Steve Davis: Yeah. Thanks much for the question, Ritu. I am going to ask Brendan to answer your question as it relates to the activities that we have stood up in terms of how we will offer very comprehensive care and support to patients and their families and then will take the very last part of your question.
Brendan Teehan: Sure. Thanks. Thanks for the question. As we said in our prepared remarks, we are building our caregiver and patient support around our hub, also known as Acadia Connect. This is intended to provide comprehensive end-to-end support to both caregivers and patients and it’s critical to do that to help patients not only start, but stay on therapy and ensure the optimal treatment experience. We will also have 24×7 clinical pharmacists — clinical nurse coordinators at the hub, and then in the field, we are supplementing that with family access coordinators, family access managers that are intended to be face-to-face with families as they start and then begin to stay on trofinetide.
Steve Davis: Great. Thanks, Brendan. Ritu, in response to the last part of your question regarding diarrhea discontinuation rates. I think with any drug sometimes there can be differences between what you see in clinical studies and what you see in real-world practice.
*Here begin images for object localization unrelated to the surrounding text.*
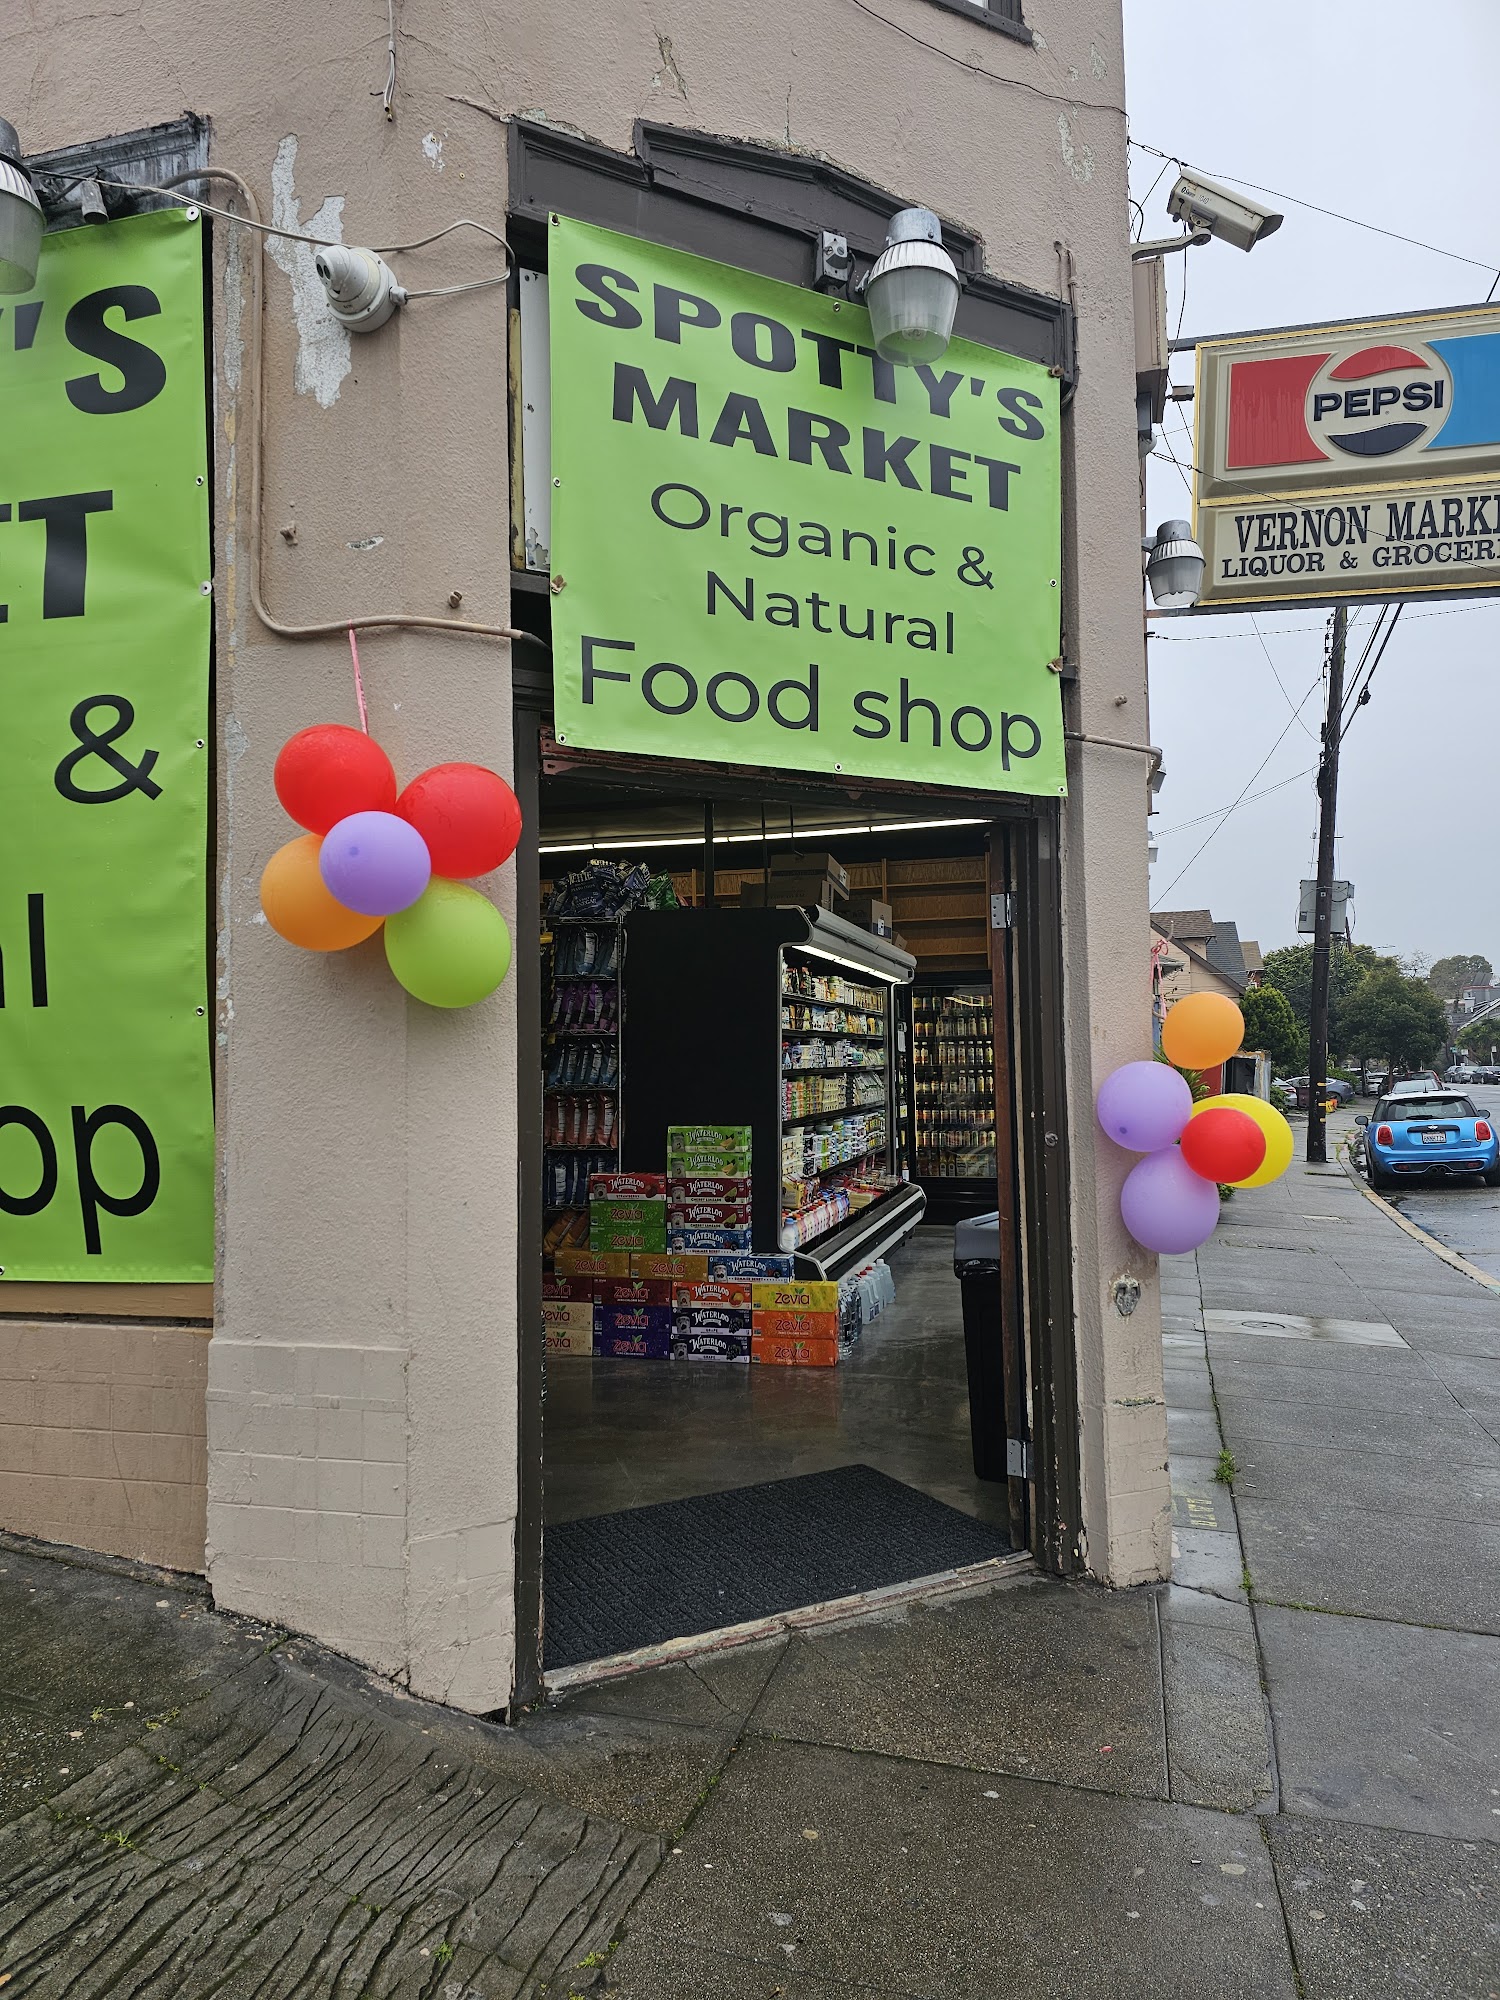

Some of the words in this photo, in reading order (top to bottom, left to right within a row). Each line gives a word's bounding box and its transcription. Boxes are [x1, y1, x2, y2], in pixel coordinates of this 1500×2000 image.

[0, 285, 167, 415] 'S
[575, 263, 1045, 441] SPOTTY'S
[1314, 380, 1444, 421] PEPSI
[612, 361, 1021, 511] MARKET
[1235, 504, 1371, 553] VERNON
[1386, 495, 1500, 542] MARK
[650, 483, 936, 577] Organic
[957, 546, 995, 590] &
[0, 489, 113, 623] T
[1222, 552, 1325, 578] LIQUOR
[1340, 551, 1358, 570] &
[1372, 539, 1500, 568] GROCER
[707, 571, 954, 655] Natural
[581, 635, 819, 732] Food
[852, 678, 1042, 771] shop
[54, 694, 164, 805] &
[686, 1127, 723, 1144] WATERLOO
[687, 1153, 724, 1169] WATERLOO
[608, 1175, 645, 1192] WATERLOO
[686, 1178, 723, 1195] WATERLOO
[686, 1204, 723, 1221] WATERLOO
[686, 1230, 723, 1247] WATERLOO
[728, 1257, 767, 1274] WATERLOO
[692, 1282, 730, 1299] WATERLOO
[542, 1309, 570, 1322] evia
[692, 1308, 730, 1326] WATERLOO
[545, 1337, 571, 1348] evia
[689, 1334, 727, 1353] WATERLOO
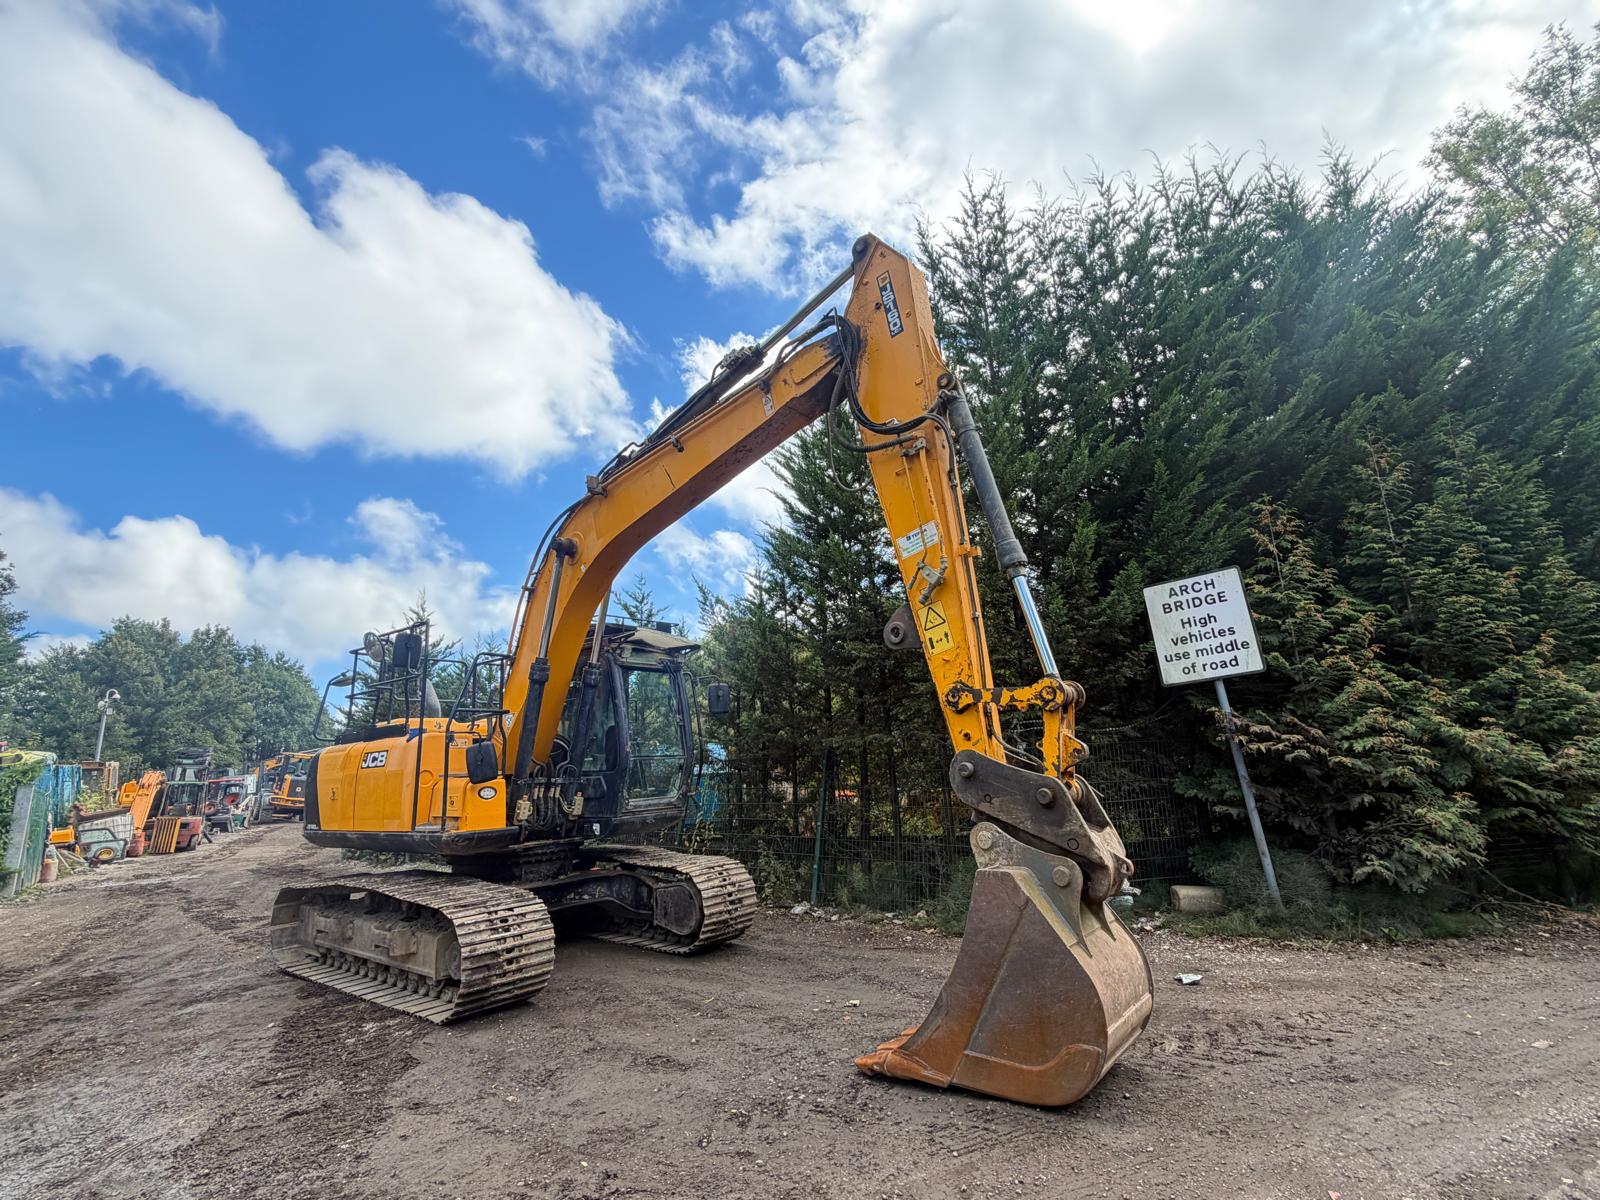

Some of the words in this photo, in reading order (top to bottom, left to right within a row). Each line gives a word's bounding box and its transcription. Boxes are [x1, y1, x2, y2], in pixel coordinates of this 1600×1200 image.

[1168, 578, 1216, 599] ARCH
[1161, 591, 1228, 614] BRIDGE
[1180, 613, 1218, 629] High
[1170, 626, 1236, 646] vehicles
[1164, 651, 1191, 663] use
[1195, 638, 1250, 658] middle
[1182, 662, 1197, 675] of
[1201, 655, 1240, 672] road
[361, 751, 387, 768] JCB
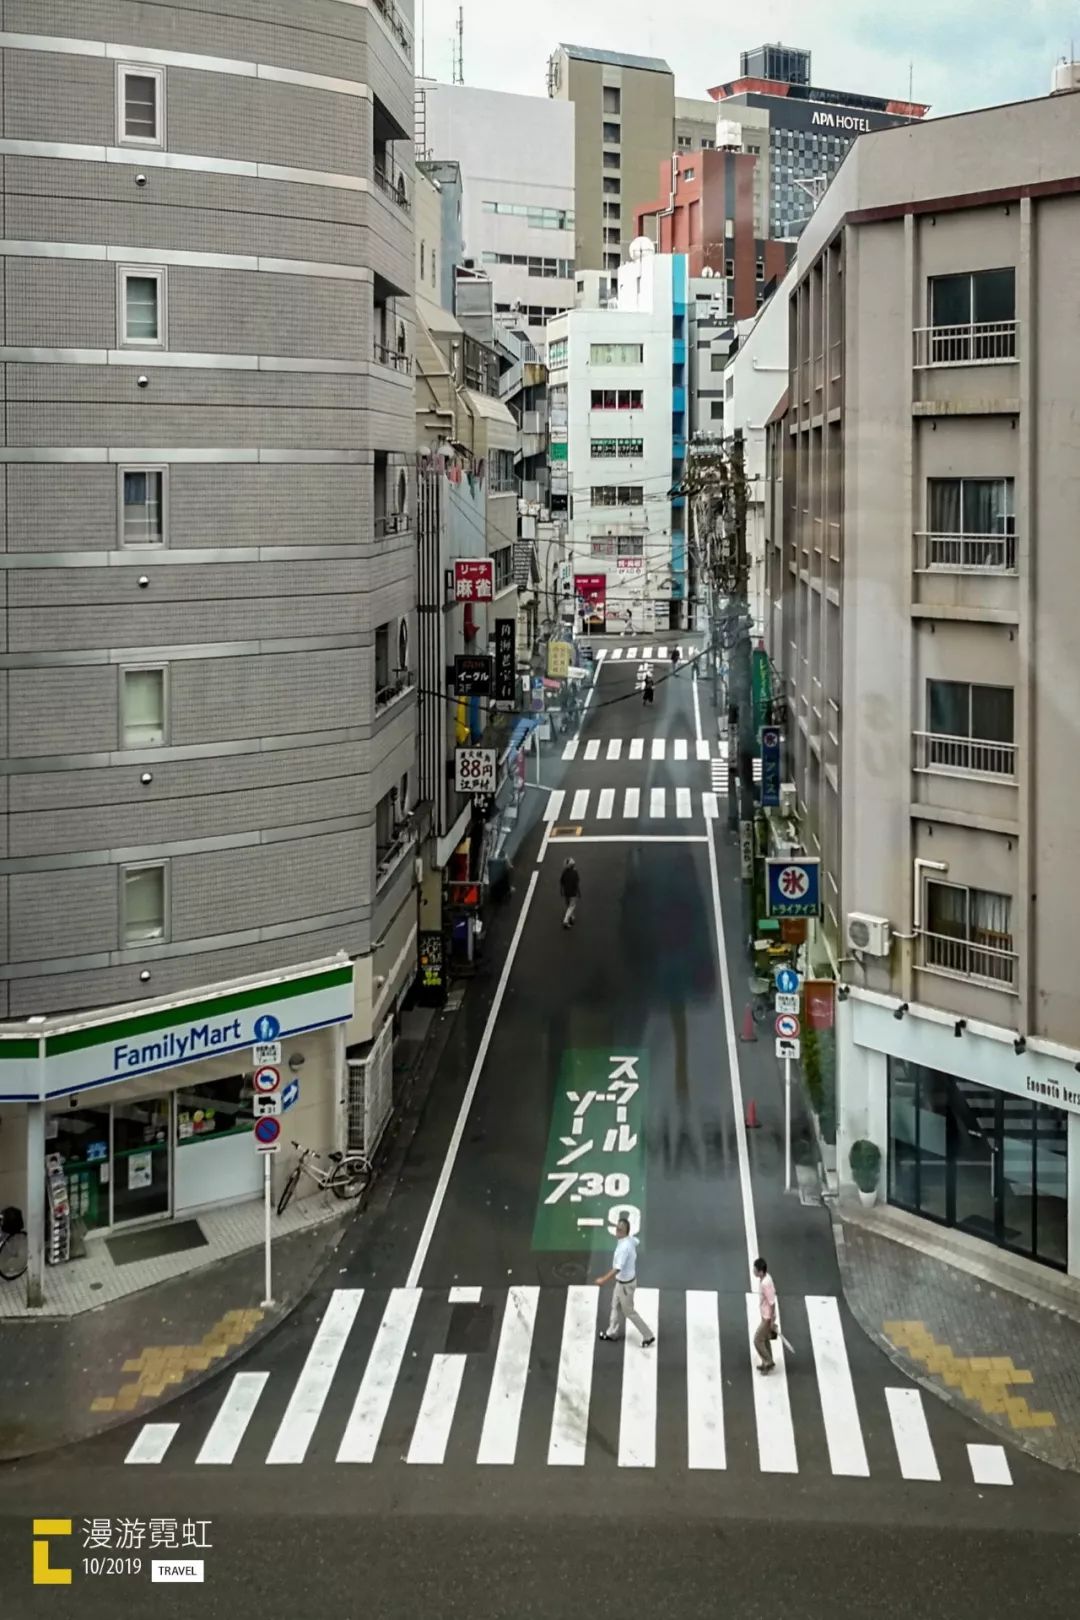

And I think the way I would think about this, and as we have said very consistently, with drugs that have symptomatic relief on subjective endpoints, you will have a certain amount of discontinuations in the early months of therapy. We see that in neuropsychiatry a lot, we see that with NUPLAZID and so you will see that. I would think of this population in two components. One is the prevalent population. So there’s a sizable prevalent population that we will — that will access the drug first.
We will work through that population and then there’s an incident population beyond that. And so as we think about the dynamics of this molecule, we recognize that there’s — it’s a very, very highly debilitating disease. There’s no approved therapy. The benefits that we see with trofinetide offer hope for the first time to these families and so I think there will be a high motivation to access the therapy. And then what we anticipate over time is as we work through the prevalent population, the — in the early months of therapy where we have a lot of patients going through that simultaneously, then the discontinuation rates will settle in — will flatten out and settle into a much more normal cycle. So I hope that’s helpful. We will go to the next question now.
Operator: Thank you. One moment for our next question. Our next question comes from the line of Tessa Romero from J.P. Morgan.
Tessa Romero: Hey, guys. Thanks so much for taking our question. So just one from us on trofinetide. So can you just remind us, in your prepared remarks, you talked a little bit about your healthcare practitioner audience here. How do these different practices from your centers of excellence to your academic hospitals to your community centers compare on average with respect to number of Rett patients treated, physician awareness of trofinetide or any other kind of key distinguishing characteristics we should be thinking about? Thanks so much.